**Work order:** Copy the records below exactly, omitting any pictures they contain.

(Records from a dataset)
------------------------------------------------

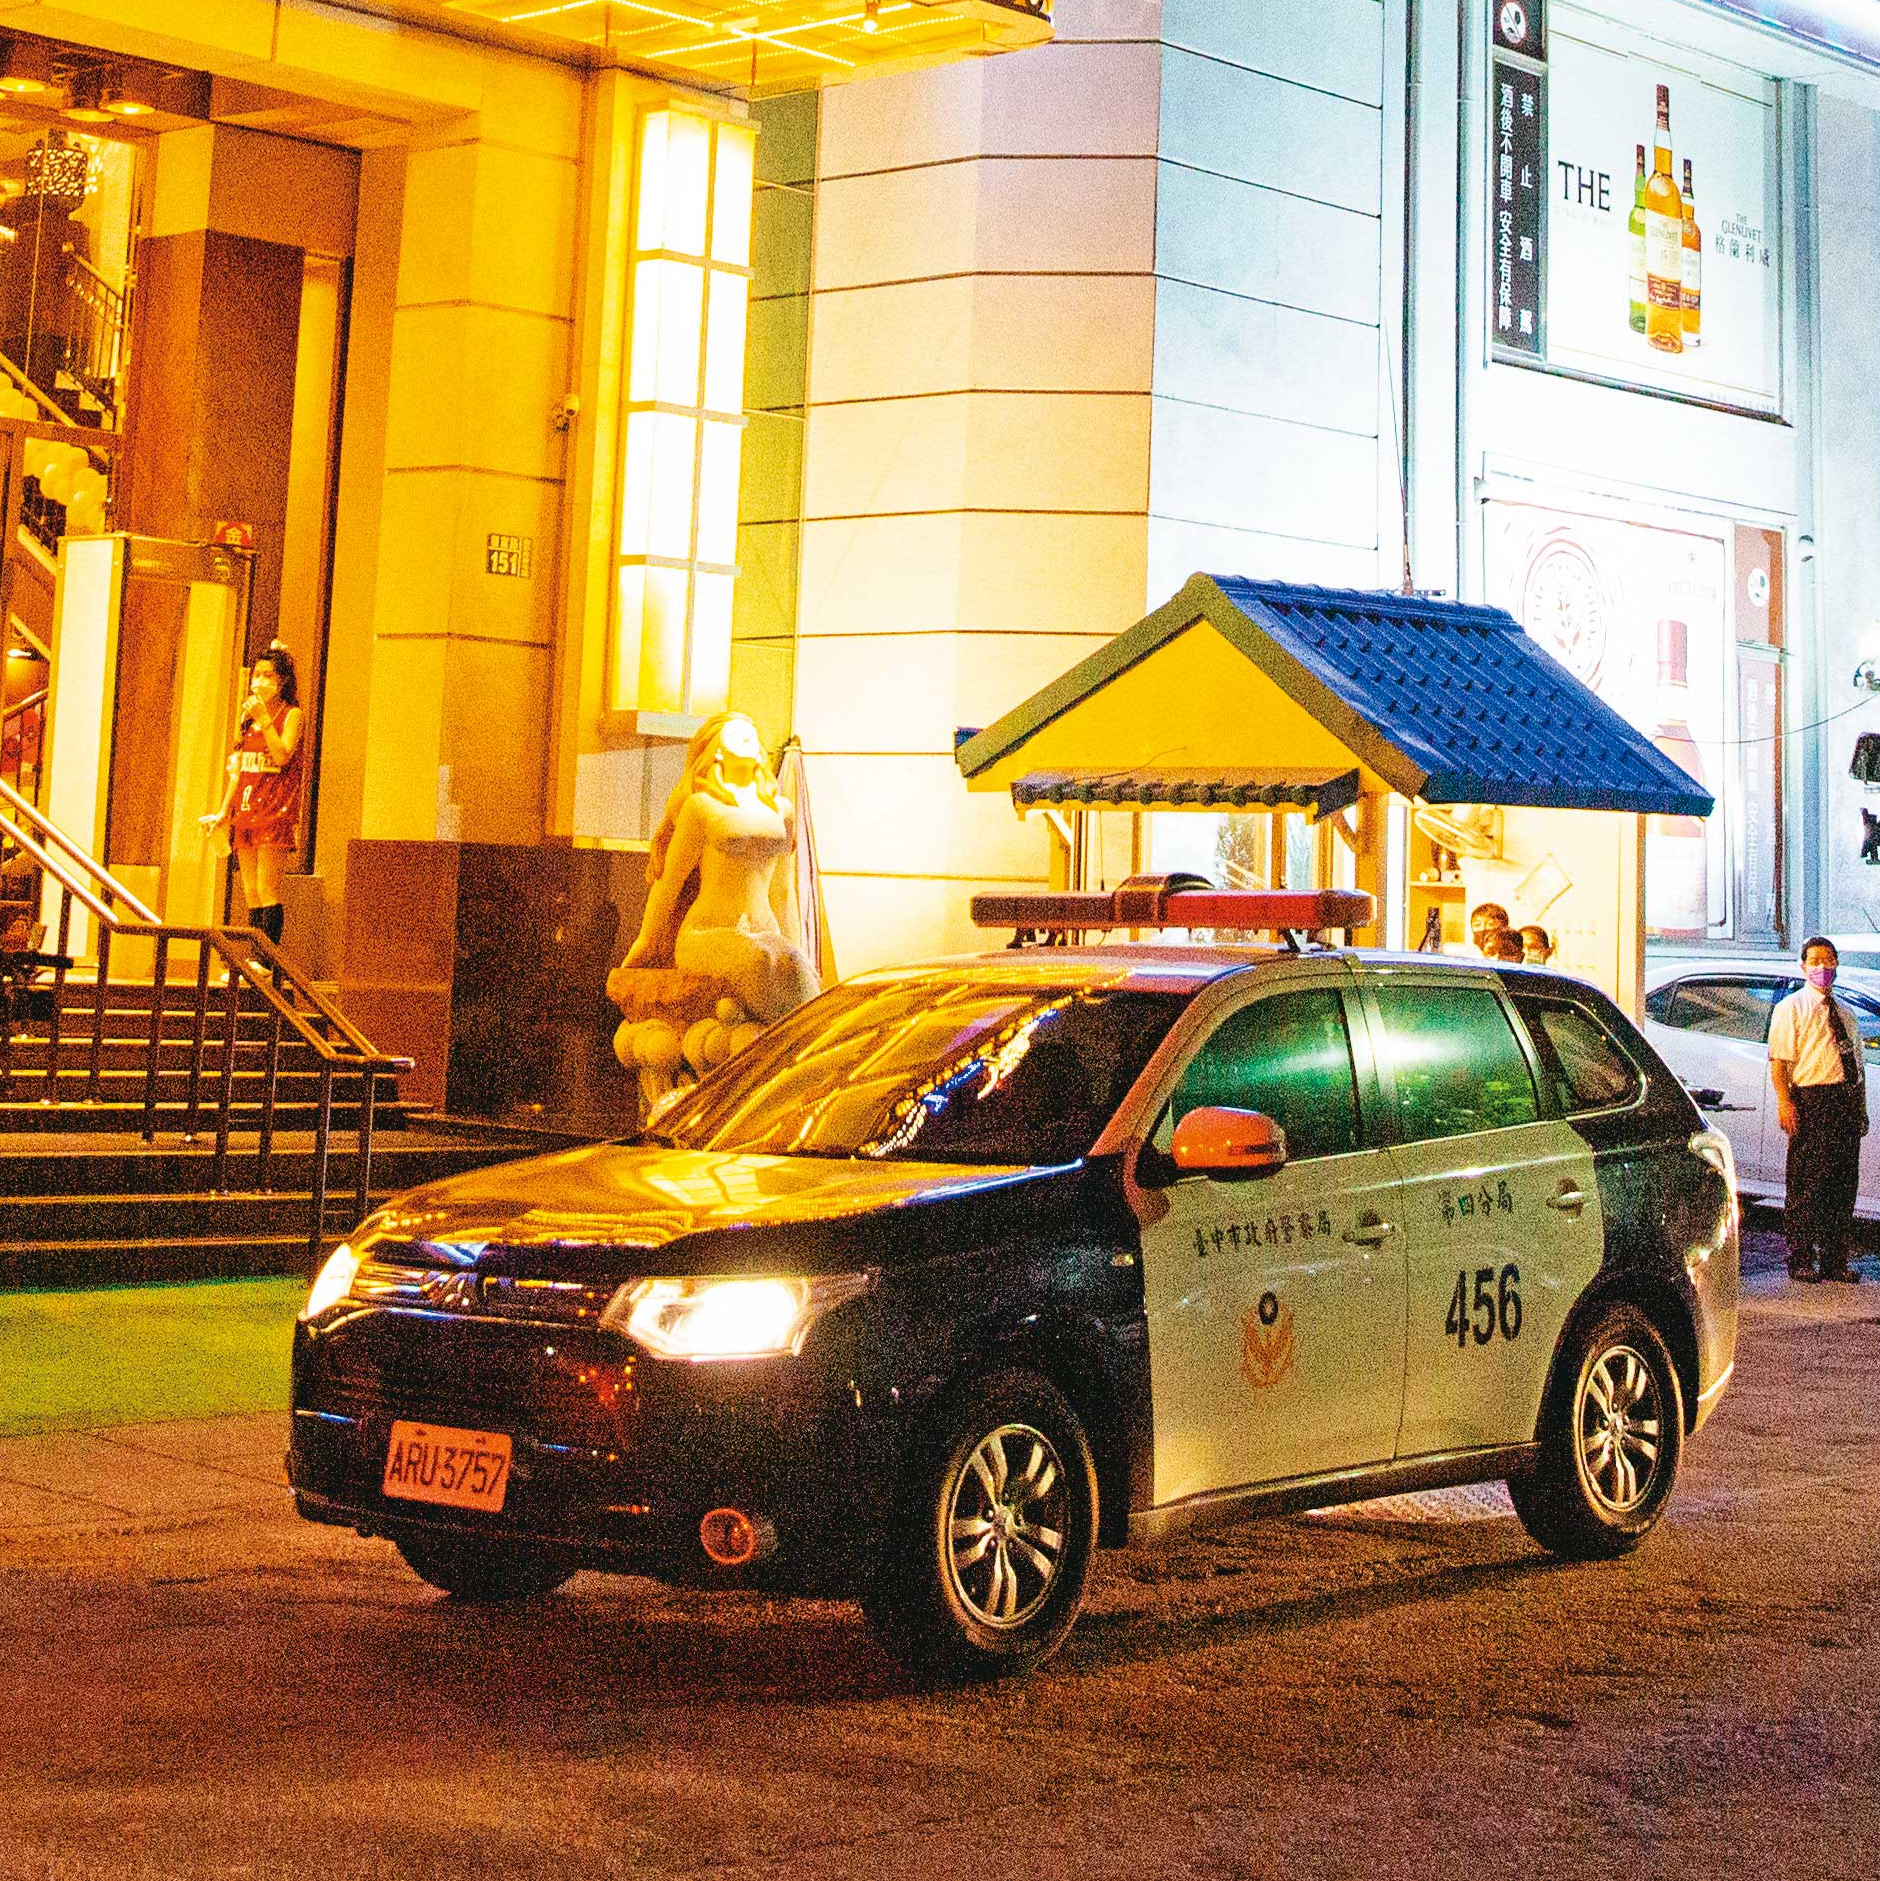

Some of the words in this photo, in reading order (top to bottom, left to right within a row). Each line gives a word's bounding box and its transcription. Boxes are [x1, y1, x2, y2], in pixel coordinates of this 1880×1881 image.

[1557, 159, 1611, 212] THE
[1721, 219, 1762, 243] GLENLIVET
[490, 550, 518, 575] 151
[1444, 1261, 1523, 1348] 456

------------------------------------------------

**Solution to this problem:**
Some of the words in this photo, in reading order (top to bottom, left to right within a row). Each line gives a word's bounding box and its transcription. Boxes are [x1, y1, x2, y2], in pixel coordinates of this 1880×1881 image.

[1557, 159, 1611, 212] THE
[1721, 219, 1762, 243] GLENLIVET
[490, 550, 518, 575] 151
[1444, 1261, 1523, 1348] 456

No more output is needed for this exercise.